Three-position signalling replaced double line block signalling between Mordialloc and Parkdale in April 1986, this being the last section of double line block working on the Frankston line. Mordialloc, however, remained mechanically interlocked. This all changed in the following year, 1987: the elevated signal box was abolished, and was replaced with a signal panel that was located in the main station building on Platform 1. Boom barriers were provided at both the McDonald Street and Bear Street level crossings, located in the up and down directions of the station respectively, and all semaphore signals were replaced with three position signals. In June 1988, the elevated signal box was demolished.

In 1990, security fencing was provided for the stabling yard. On 5 December 1995, Mordialloc was upgraded to a premium station.

In early 2011, the stabling yard was upgraded. On 9 September 2013, whilst travelling through the McDonald Street level crossing, a wagon on the Long Island steel train derailed, causing lengthy delays. In October 2015, new accessible toilets were provided at the station.
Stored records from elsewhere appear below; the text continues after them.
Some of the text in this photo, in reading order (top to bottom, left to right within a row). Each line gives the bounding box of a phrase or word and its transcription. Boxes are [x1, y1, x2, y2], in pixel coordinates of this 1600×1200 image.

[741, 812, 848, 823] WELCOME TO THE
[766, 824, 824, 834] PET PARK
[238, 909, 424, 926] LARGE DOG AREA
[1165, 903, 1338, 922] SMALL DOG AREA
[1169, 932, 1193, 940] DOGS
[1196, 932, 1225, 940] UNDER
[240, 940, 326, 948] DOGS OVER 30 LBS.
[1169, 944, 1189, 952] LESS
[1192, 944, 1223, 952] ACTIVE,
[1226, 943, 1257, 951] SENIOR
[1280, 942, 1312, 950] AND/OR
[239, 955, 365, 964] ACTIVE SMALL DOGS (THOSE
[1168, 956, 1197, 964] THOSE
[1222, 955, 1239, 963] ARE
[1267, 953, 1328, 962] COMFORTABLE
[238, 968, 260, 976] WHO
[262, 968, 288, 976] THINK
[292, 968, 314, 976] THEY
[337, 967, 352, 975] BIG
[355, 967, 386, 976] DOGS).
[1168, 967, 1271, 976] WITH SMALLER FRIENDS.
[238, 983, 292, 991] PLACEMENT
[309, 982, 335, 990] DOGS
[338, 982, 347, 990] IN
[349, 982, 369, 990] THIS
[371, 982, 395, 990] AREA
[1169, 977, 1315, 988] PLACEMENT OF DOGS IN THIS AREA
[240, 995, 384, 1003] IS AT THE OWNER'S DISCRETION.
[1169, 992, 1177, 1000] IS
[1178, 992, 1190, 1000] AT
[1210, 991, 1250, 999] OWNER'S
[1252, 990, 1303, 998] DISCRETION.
On 7 October 2021, the signal panel was abolished, with control transferred to the Kananook Signal Control Centre.

On 9 October 2022, the Andrews government announced that the McDonald Street and Bear Street level crossings would be removed by 2028, along with five other level crossings on the Frankston line, it was fast tracked for removal in June 2023 projected for 2026. The designs for the new station was announced in June 2024 and will be elevated and the station to feature an island platform, the plans also show that the heritage building on Platform 2 to be kept and Bear Street to be closed off as part of the level crossing removal and McDonald Street to remain open. On the 4th of August 2025, the Bear Street level crossing was permanently closed to road traffic. On the 18th of August 2025, Platform 2 was closed and subsequently demolished to allow for the construction of the new elevated station with the stabling sidings being disconnected from the mainline, this will be in effect until the railway line reopens on the elevated viaduct. Until the 18th of August 2025, select trains during the weekday peak hour would terminate and originate from the station.
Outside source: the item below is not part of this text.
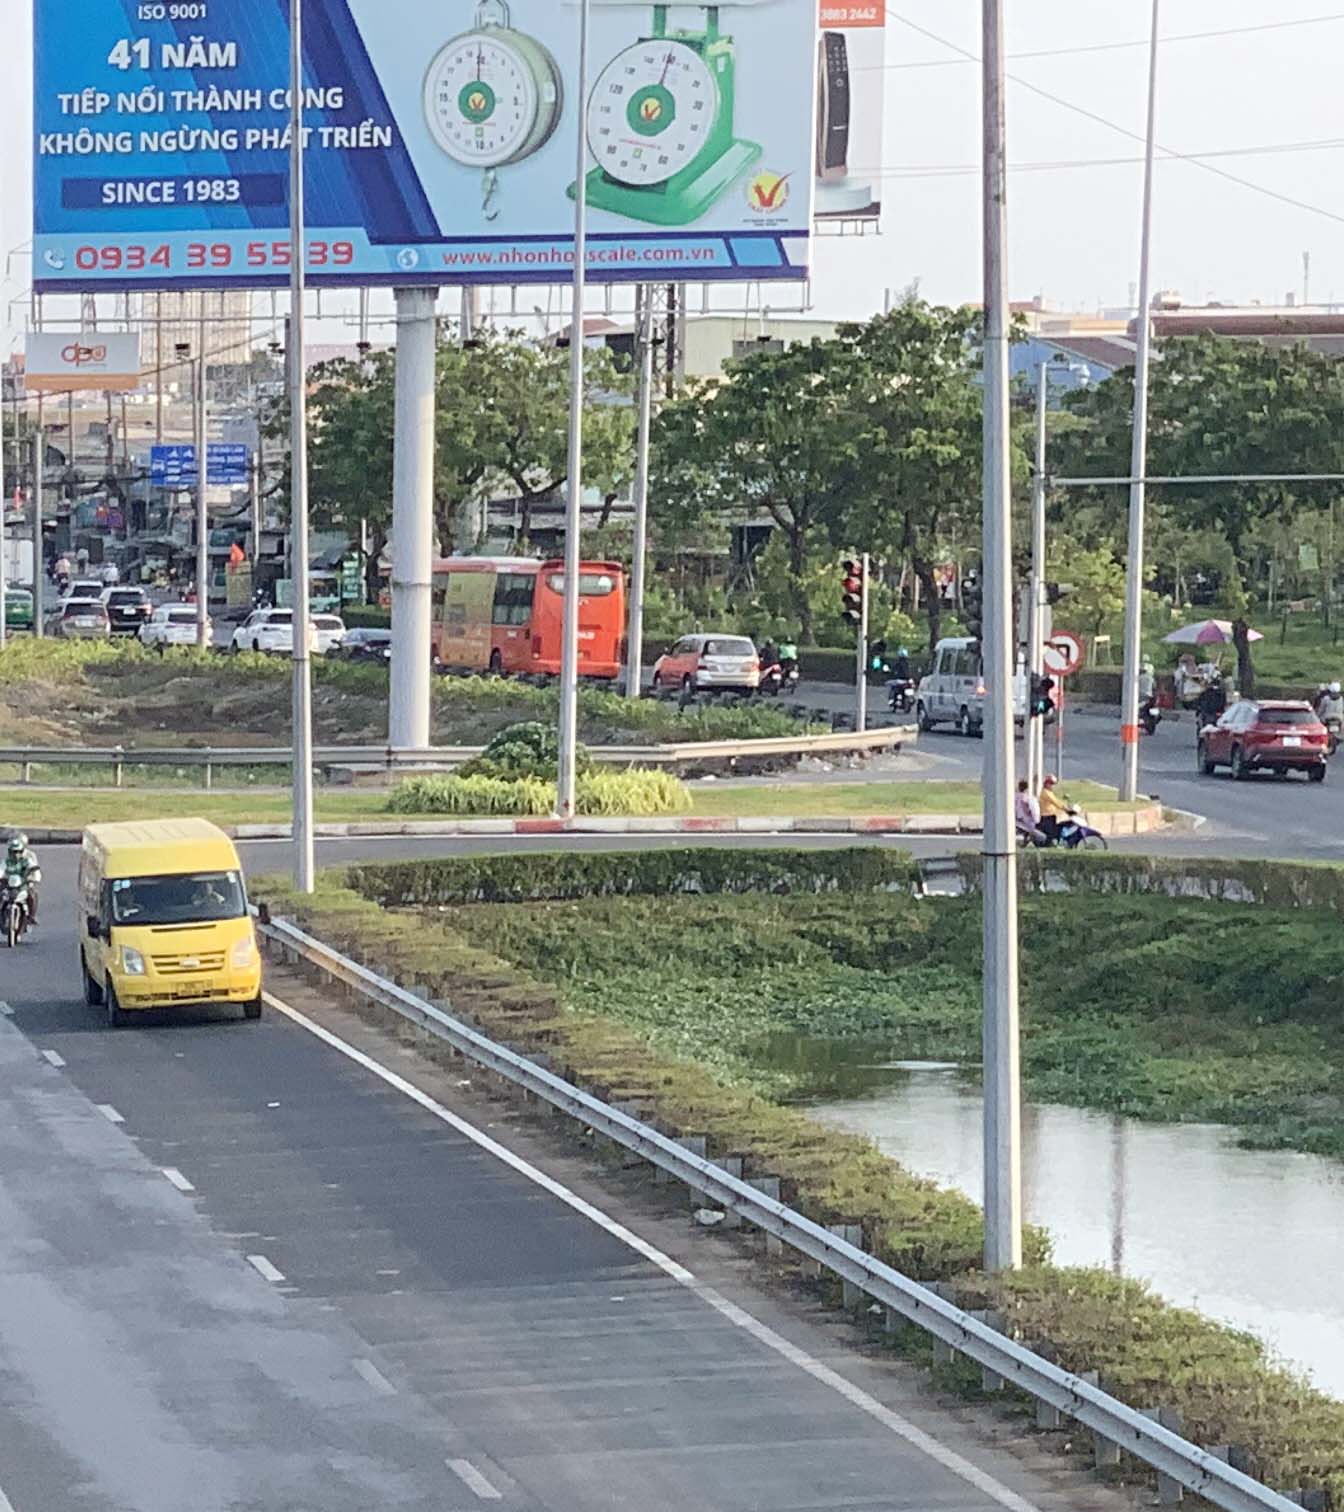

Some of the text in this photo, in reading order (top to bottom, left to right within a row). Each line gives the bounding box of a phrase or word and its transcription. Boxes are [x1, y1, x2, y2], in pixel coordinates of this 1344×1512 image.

On 27 February 2026, it was announced by the Level Crossing Removal Project that the old Mordialloc station would close on 30 April 2026 alongside the removal of the McDonald Street level crossing and the new station opening on 21 May 2026.

==Platforms and services==

Mordialloc has two platforms in an Island arrangement. It is serviced by Metro Trains' Frankston line services.

Mordialloc platform arrangement
| Platform | Line | Destination | Via | Service Type | Source |
| 1 | Frankston line | Flinders Street | City Loop | All stations and limited express services |  |
| 2 | Frankston line | Carrum, Frankston |  | All stations |  |

==Transport links==

Kinetic Melbourne operates one SmartBus route via Mordialloc station, under contract to Public Transport Victoria:
- SmartBus : Altona station – Mordialloc

Ventura Bus Lines operates four routes via Mordialloc station, under contract to Public Transport Victoria:
- : to Springvale station (peak-hour only)
- : Mordialloc – Chelsea station (off-peak only)
- : Hampton station – Carrum station
- : to Noble Park station

SkyBus also operates a service to Melbourne Airport via Mordialloc station.